Cryptococcal sepsis in small vessel vasculitis

Department of Nephrology, Amrita Institute of Medical Sciences and Research Center, Kochi, Kerala, India
Department of Microbiology, Amrita Institute of Medical Sciences and Research Center, Kochi, Kerala, India

Address for correspondence: Dr. V. N. Unni, Department of Nephrology, Amrita Institute of Medical Sciences and Research Centre, Kochi-682 026, India. E-mail: unnivn@aims.amrita.edu

Licence

This is an open-access article distributed under the terms of the Creative Commons Attribution License, which permits unrestricted use, distribution, and reproduction in any medium, provided the original work is properly cited.

Disclaimer:
This article was originally published by Medknow Publications and was migrated to Scientific Scholar after the change of Publisher.

Abstract

While meningoencephalitis due to cryptococcus is well known in immunocompromised patients, disseminated cryptococcosis and cryptococcemia is rare outside the setting of advanced HIV infection. We report a case of disseminated cryptococcosis occurring in a patient with Wegener’s granulomatosis on immunosuppressive medications.

Keywords

Cryptococcemia
cryptococcemia
Wegener’s granulomatosis
immunosupression

Introduction

Cryptococcus neoformans, an encapsulated yeast, is a typical opportunistic pathogen. The most common predisposing factor for cryptococcosis worldwide, is advanced HIV infection with CD4+ counts usually below 200/μL. The other important predisposing factors include immunosuppressive therapy and hepatic cirrhosis.[1] Meningoencephalitis is the most common clinical manifestation of cryptococcosis. Cryptococcemia is reported in only 10–30 % of patients with cryptococcal disease.[1] The majority of nonHIV patients with cryptococcal disease do not have Cryptococcemia.[2]

Case Report

A 46-year-old female presented to our hospital with history of dyspnoea, cough and hemoptysis of one-week duration. She had oliguria for two days which rapidly worsened to anuria on admission. She had no history of macrohematuria, headache, epistaxis or previous nephritic or nephrotic illness. She gave a history of polyarthralgia, skin rashes and intermittent fever. On admission she was febrile, pale, and the blood pressure was 140/90 mm Hg and respiratory system examination revealed coarse crepitations on both sides. The other systems were normal. She had no obvious upper respiratory tract abnormalities or focal neurological deficits. Ear, nose and tongue (ENT) examination was normal. Investigations revealed: Hb 9.2 g%, total WBC count 13,400/mm3, platelet count 400,000/mm3, ESR 88 mm at 1st hour, blood urea 153 mg%, S. creatinine 8.5 mg%, and urinalysis showed 3+ protein, numerous RBCs and RBC casts. Blood sugars and liver functions were normal. ANA, anti ds DNA, ASO titre, and anti GBM antibodies were negative, Serum complements were normal, c ANCA was 111 U/ml (positive), while p ANCA was negative. X-ray chest revealed bilateral pulmonary nonhomogenous opacities and ultrasonogram of abdomen normal sized kidneys with increased echotexture. CT scan of paranasal sinuses was normal. Blood and sputum cultures did not reveal any growth.

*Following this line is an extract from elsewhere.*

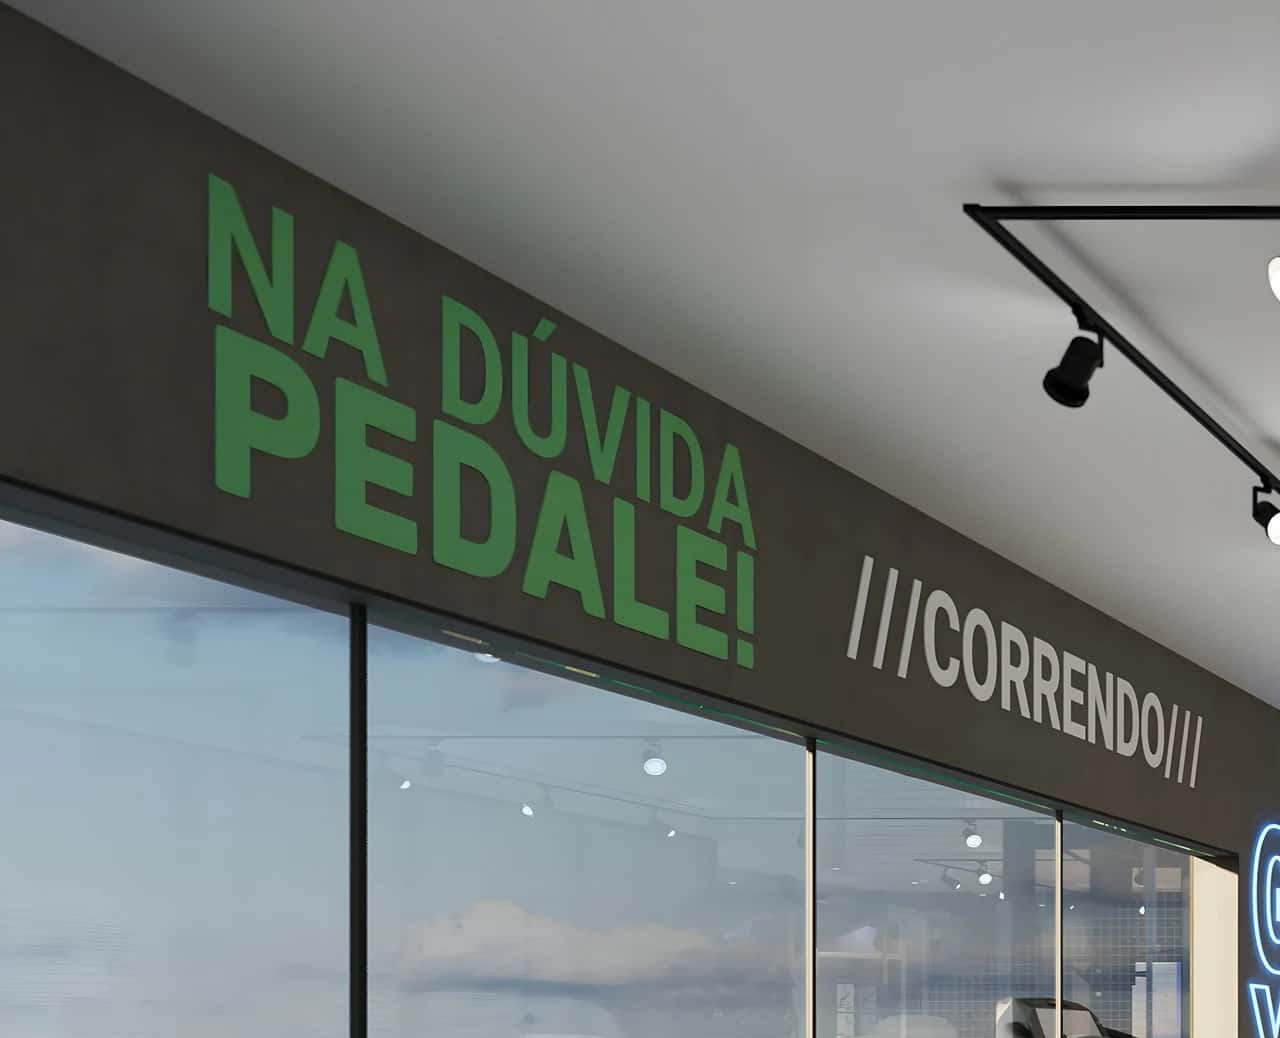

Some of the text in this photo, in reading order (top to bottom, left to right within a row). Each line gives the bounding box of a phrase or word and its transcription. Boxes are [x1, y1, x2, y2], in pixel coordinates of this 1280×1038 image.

[207, 172, 758, 549] NA DÚVIDA
[213, 324, 754, 670] PEDALE!

Renal biopsy [Figure 1] revealed 11 glomeruli, of which nine showed extra capillary proliferation with fibrocellular crescents and two showed cellular crescents; one glomerulus showed segmental necrotising glomerulonephritis. Interstitial oedema with mononuclear infiltrates was noted. Immunoflourescence showed no significant deposits. A diagnosis of Wegener’s granulomatosis was made, as she had a cANCA positive pauciimmune crescentic glomerulonephritis with evidence of lung involvement.

Kidney biopsy showing a glomerulus with a crescent (arrow) H and E stain, ×400
Figure 1
Kidney biopsy showing a glomerulus with a crescent (arrow) H and E stain, ×400

The patient was started on hemodialysis and was given intravenous Methylprednisolone 1 gram daily for 3 days followed by oral prednisolone 1 mg/kg daily. She was also started on Cyclophosphamide 2 mg/kg orally. She improved symptomatically. The urine output improved, dialysis was discontinued; the serum creatinine was 1.9 mg % on discharge, two weeks after admission. The opacities on X-ray chest improved.

Unfortunately the patient stopped treatment and follow-up. She presented nearly ten months later to another hospital with fever and arthralgias, and was restarted on prednisolone and cyclophosphamide. Subsequently she presented to our centre after two months with fever, nausea and headache of one-week duration. She was found to have severe renal failure and was started on hemodialysis X-ray chest revealed bilateral nonhomogenous opacities. The fever and intense headache continued. MRI scan of brain was normal. Cerebrospinal fluid (CSF) study revealed raised proteins, low glucose, lymphocytic pleocytosis and India ink staining showed encapsulated yeast [Figure 2]. Test for capsular antigen of Cryptococcus in CSF was positive. Serology for HIV was negative. Blood, CSF and sputum culture grew cryptococci [Figure 3], which was identified as C. neoformans. Species identification was based on the biochemical characteristics (urease production and inositol assimilation). No bacteria were isolated from blood, sputum, CSF and urine. She was diagnosed to have disseminated Cryptococcosis. She was started on Amphotericin B. Cyclophosphamide was stopped and the dose of steroids reduced. She developed respiratory distress after five days necessitating ventilatory support. The patient deteriorated and expired nearly two weeks after admission.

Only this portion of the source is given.